Compare Claude 3.5 Sonnet, ChatGPT 4o and Gemini 1.5 Pro
So, to test this claim, this detailed comparison was done. Like the previous comparison between Claude 3 Opus, GPT-4 and Gemini 1.5 Pro, the comparison evaluated reasoning ability, multimodal reasoning, code generation, etc. Let's find out in detail below. Please!
1. Find the drying time
Although this may seem like a basic question, start the test with this difficult reasoning question. LLMs tend to make frequent mistakes. Claude 3.5 Sonnet makes the same mistake and approaches the question mathematically. The model said it would take 1 hour and 20 minutes to dry 20 towels, which is incorrect. ChatGPT 4o and Gemini 1.5 Pro got the answer right when they said it would still take 1 hour to dry 20 towels.
If it takes 1 hour to dry 15 towels under the Sun, how long will it take to dry 20 towels?
Roughly translated: If you dry 15 towels in the sun for 1 hour, how long will it take to dry 20 towels?
Winning options : ChatGPT 4o and Gemini 1.5 Pro
2. Assess weight
Next, in this classic reasoning question, it's nice that all 3 models including Claude 3.5 Sonnet, ChatGPT 4o and Gemini 1.5 Pro all have the correct answer. A kilogram of feathers or whatever will always weigh more than a pound of steel or other materials.
What's heaviest, a kilo of feathers or a pound of steel?
Which is heavier, a pound of feathers or a pound of steel?
Winning options : Claude 3.5 Sonnet, ChatGPT 4o and Gemini 1.5 Pro
3. Word puzzles
In the next reasoning test, Claude 3.5 Sonnet correctly answers that David has no brothers and that he is the only male among the siblings. ChatGPT 4o and Gemini 1.5 Pro have the right answer.
David has three sisters. Each of them has one brother. How many brothers does David have?
=> David has three sisters. Each of them has a younger brother. How many brothers does David have?

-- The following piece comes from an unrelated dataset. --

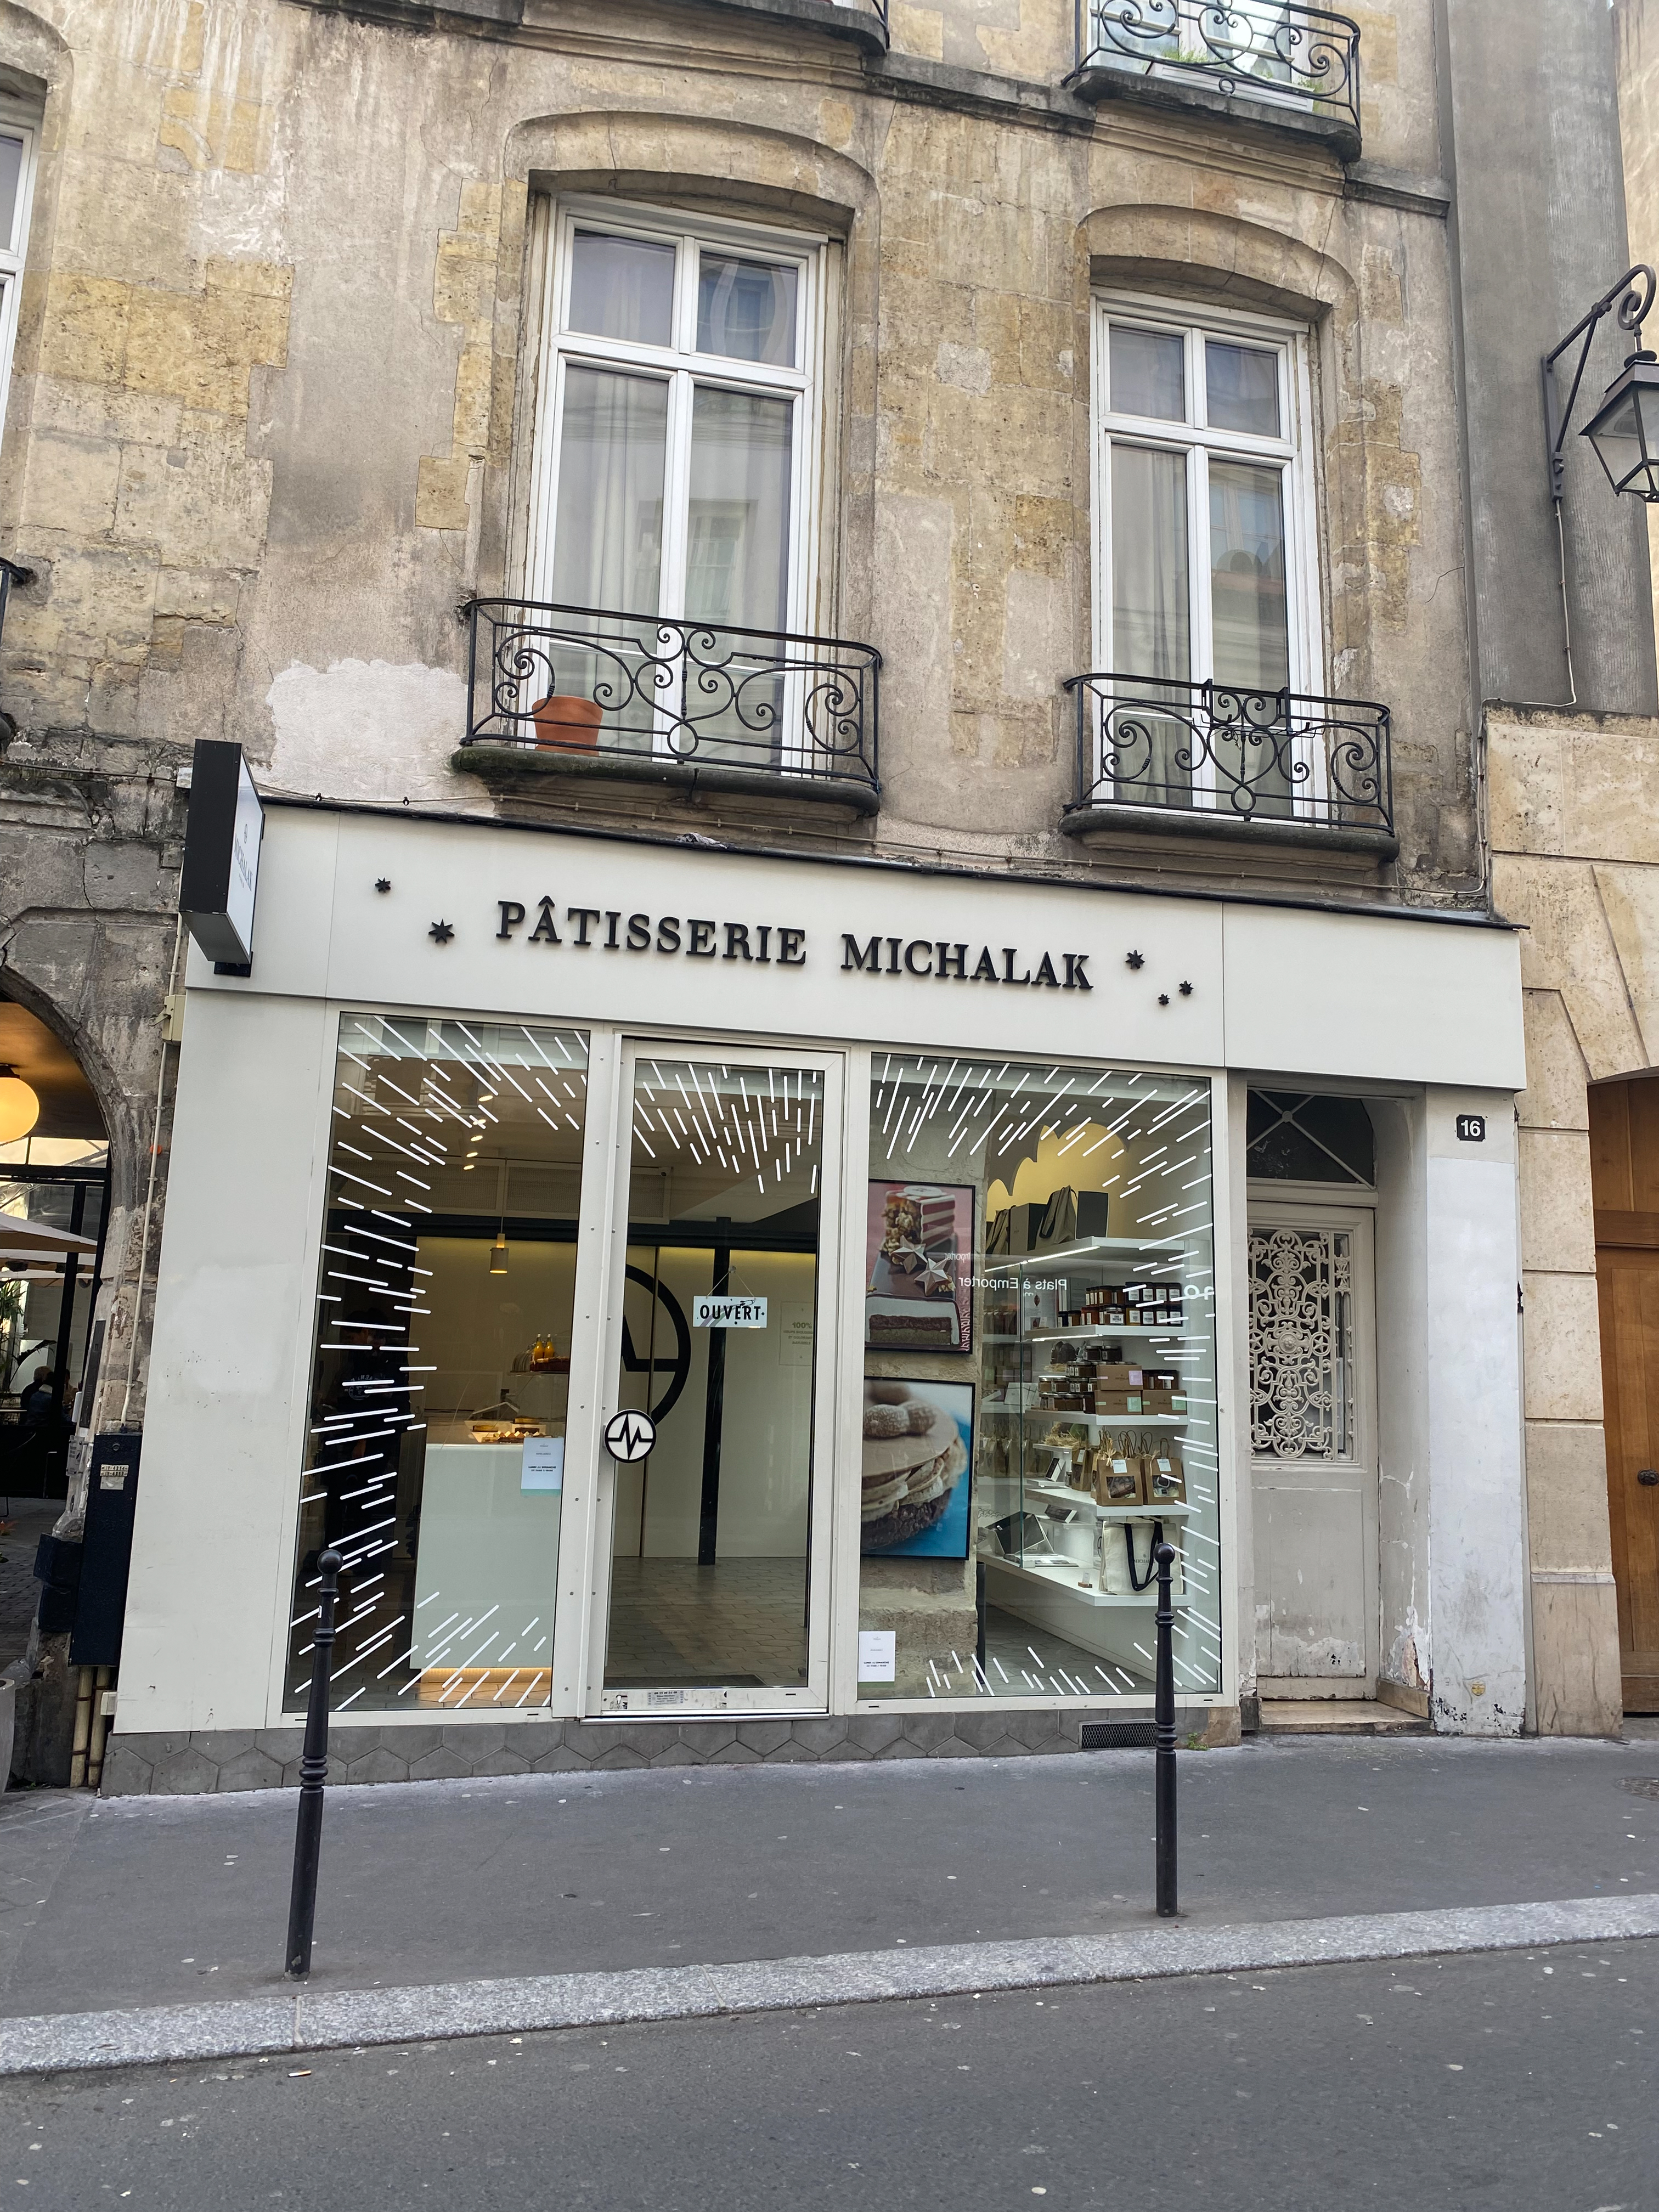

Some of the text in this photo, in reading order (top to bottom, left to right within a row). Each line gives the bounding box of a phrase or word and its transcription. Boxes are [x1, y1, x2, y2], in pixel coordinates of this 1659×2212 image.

[496, 895, 1094, 989] PÂTISSERIE MICHALAK
[1460, 1120, 1481, 1137] 16
[700, 1305, 761, 1320] OUVERT

Winning options : Claude 3.5 Sonnet, ChatGPT 4o and Gemini 1.5 Pro
4. Sort items
Then, the author of the article asked all three models to arrange these objects so that they were stable. Unfortunately all three are wrong. The models take an identical approach: First place the laptop, then the book, the bottle, finally the 9 eggs at the bottom of the bottle, which is impossible. The older GPT-4 model had the correct answer.

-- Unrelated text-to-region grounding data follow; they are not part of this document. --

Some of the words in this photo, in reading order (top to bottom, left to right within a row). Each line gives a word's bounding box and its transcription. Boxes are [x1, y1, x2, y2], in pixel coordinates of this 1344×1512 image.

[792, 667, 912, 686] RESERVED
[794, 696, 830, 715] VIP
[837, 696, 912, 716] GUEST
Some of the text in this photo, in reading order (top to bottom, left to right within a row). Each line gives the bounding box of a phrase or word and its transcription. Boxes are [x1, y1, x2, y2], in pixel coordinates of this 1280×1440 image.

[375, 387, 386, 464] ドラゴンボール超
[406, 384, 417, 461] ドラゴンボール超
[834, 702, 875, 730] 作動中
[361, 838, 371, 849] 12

Here we have a book, 9 eggs, a laptop, a bottle and a nail. Please tell me how to stack them onto each other in a stable manner.
Here we have a book, 9 eggs, a laptop, a bottle and a nail. Tell me how to stack them so they don't fall over.
Winning options : None
5. Follow the instructions
In its blog post, Anthropic mentioned that Claude 3.5 Sonnet is excellent at following instructions, and that seems about right. It generates all 10 sentences ending with the word 'AI'. ChatGPT 4o also gets it right 10/10. However, Gemini 1.5 Pro could only produce 5 correct sentences out of 10. Google must drive the model for better guidance.
Generate 10 sentences that end with the word "AI"
Roughly translated: Create 10 sentences ending with the word "AI"
Winning options : Claude 3.5 Sonnet and ChatGPT 4o
6. Find details
Anthropic was one of the first companies to offer large context lengths, starting from 100K tokens up to today's context window of 200K. So for this test, the author provided a large text with 25K characters and about 6K tokens. The author added a detail somewhere in the middle of the text.
The author asked all three models for details, but only Claude 3.5 Sonnet found the answer, while ChatGPT 4o and Gemini 1.5 Pro did not. So for handling large documents, Claude 3.5 Sonnet is the better model.
Winning option : Claude 3.5 Sonnet
7. Check your eyesight
To test visual abilities, the author uploaded images of difficult-to-read writing to see how well the models could detect the characters and extract them. To our surprise, all three models did a great job and accurately identified the texts. Regarding OCR, all three models are quite capable.
Winning options : Claude 3.5 Sonnet, ChatGPT 4o and Gemini 1.5 Pro
8. Create games
In this test, the author uploaded an image of the classic Tetris game without revealing the name and only asked the model to create a game like this in Python. All three models guessed the game correctly, but only the code created by Sonnet ran successfully. Both ChatGPT 4o and Gemini 1.5 Pro fail to produce error-free code.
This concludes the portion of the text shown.